◆ **Exercise**:
The expected answer is the full listing, repeated exactly and free of images.

==== Supplied material ====

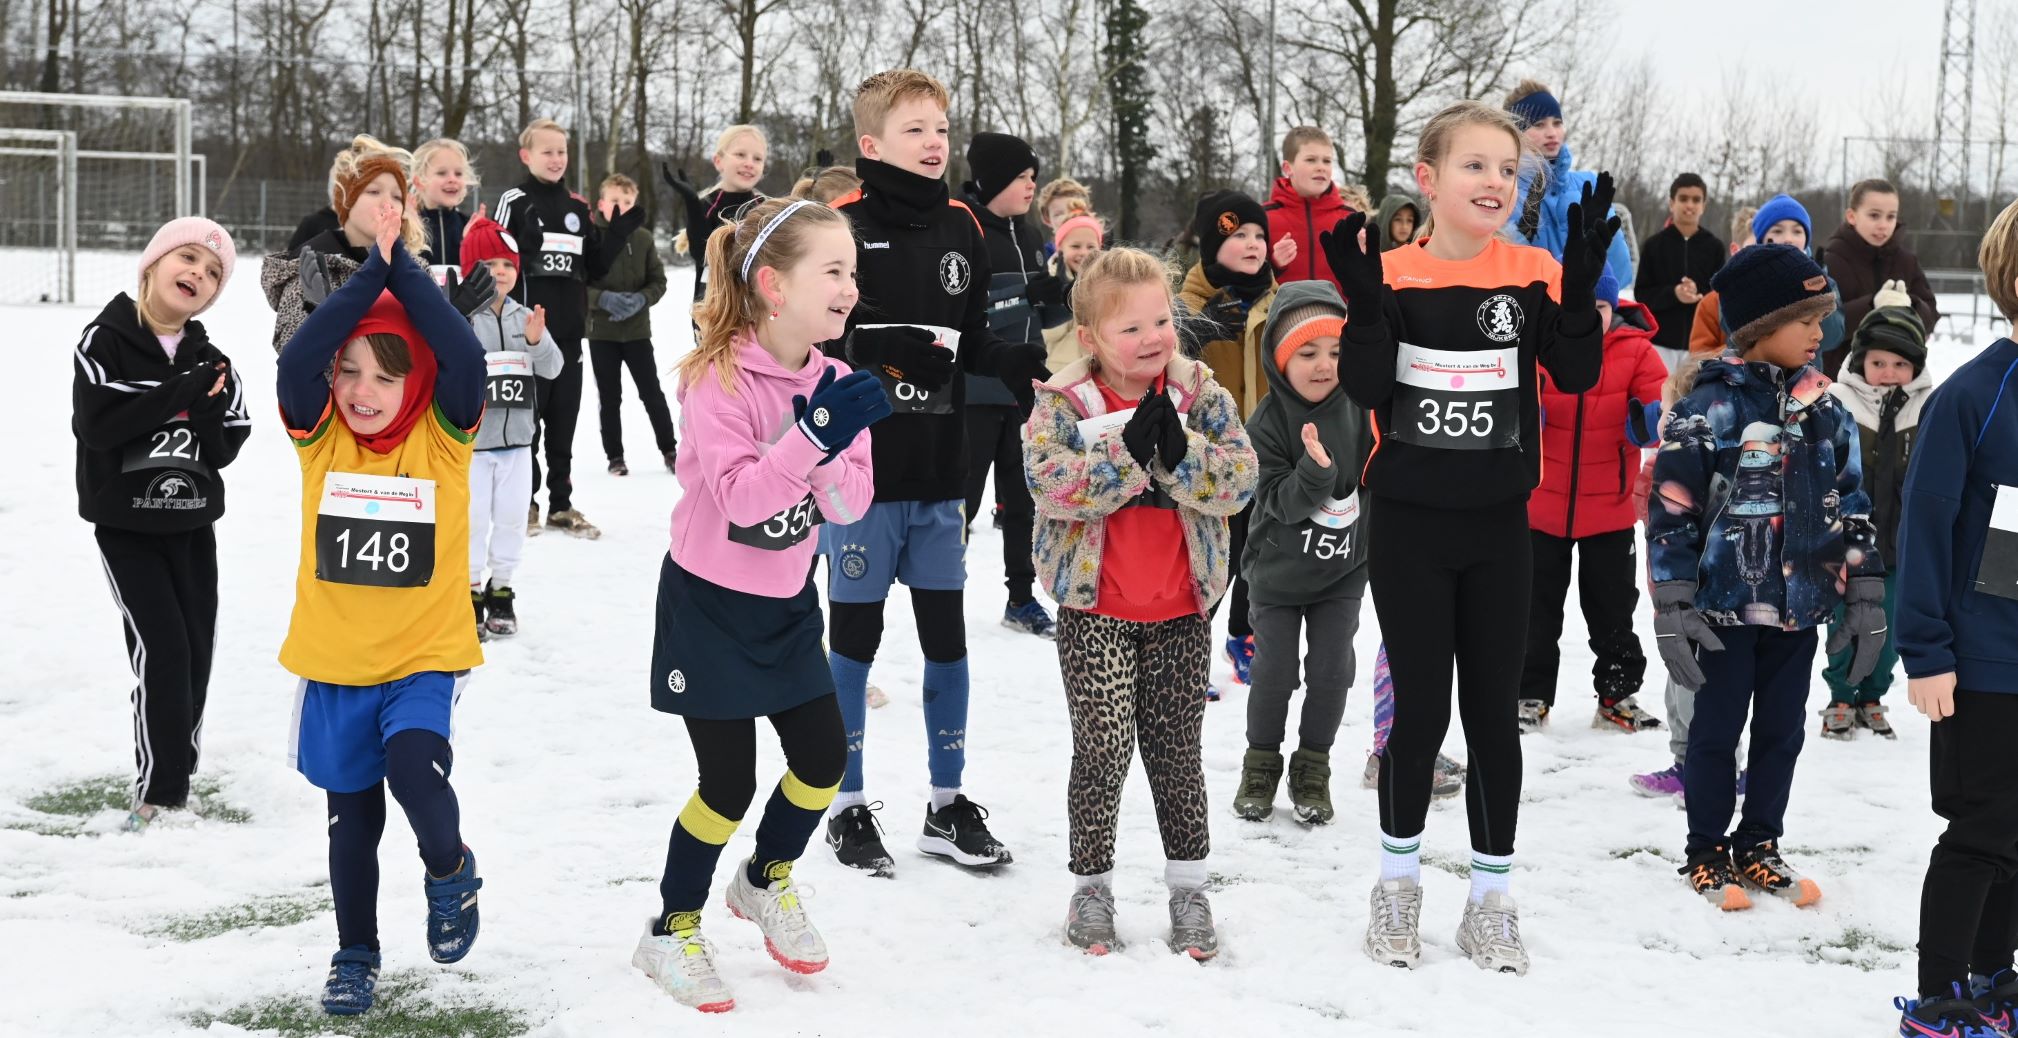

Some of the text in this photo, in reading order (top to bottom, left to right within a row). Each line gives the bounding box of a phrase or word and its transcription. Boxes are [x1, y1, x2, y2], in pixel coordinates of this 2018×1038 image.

[863, 240, 890, 250] hummel
[543, 253, 573, 272] 332
[487, 379, 524, 402] 152
[1417, 398, 1494, 437] 355
[132, 497, 207, 510] PANTHERS
[763, 494, 816, 538] 356
[336, 528, 410, 573] 148
[1301, 528, 1351, 560] 154

====

◆ **The completed task**:
Some of the text in this photo, in reading order (top to bottom, left to right within a row). Each line gives the bounding box of a phrase or word and its transcription. Boxes are [x1, y1, x2, y2], in pixel coordinates of this 2018×1038 image.

[863, 240, 890, 250] hummel
[543, 253, 573, 272] 332
[487, 379, 524, 402] 152
[1417, 398, 1494, 437] 355
[132, 497, 207, 510] PANTHERS
[763, 494, 816, 538] 356
[336, 528, 410, 573] 148
[1301, 528, 1351, 560] 154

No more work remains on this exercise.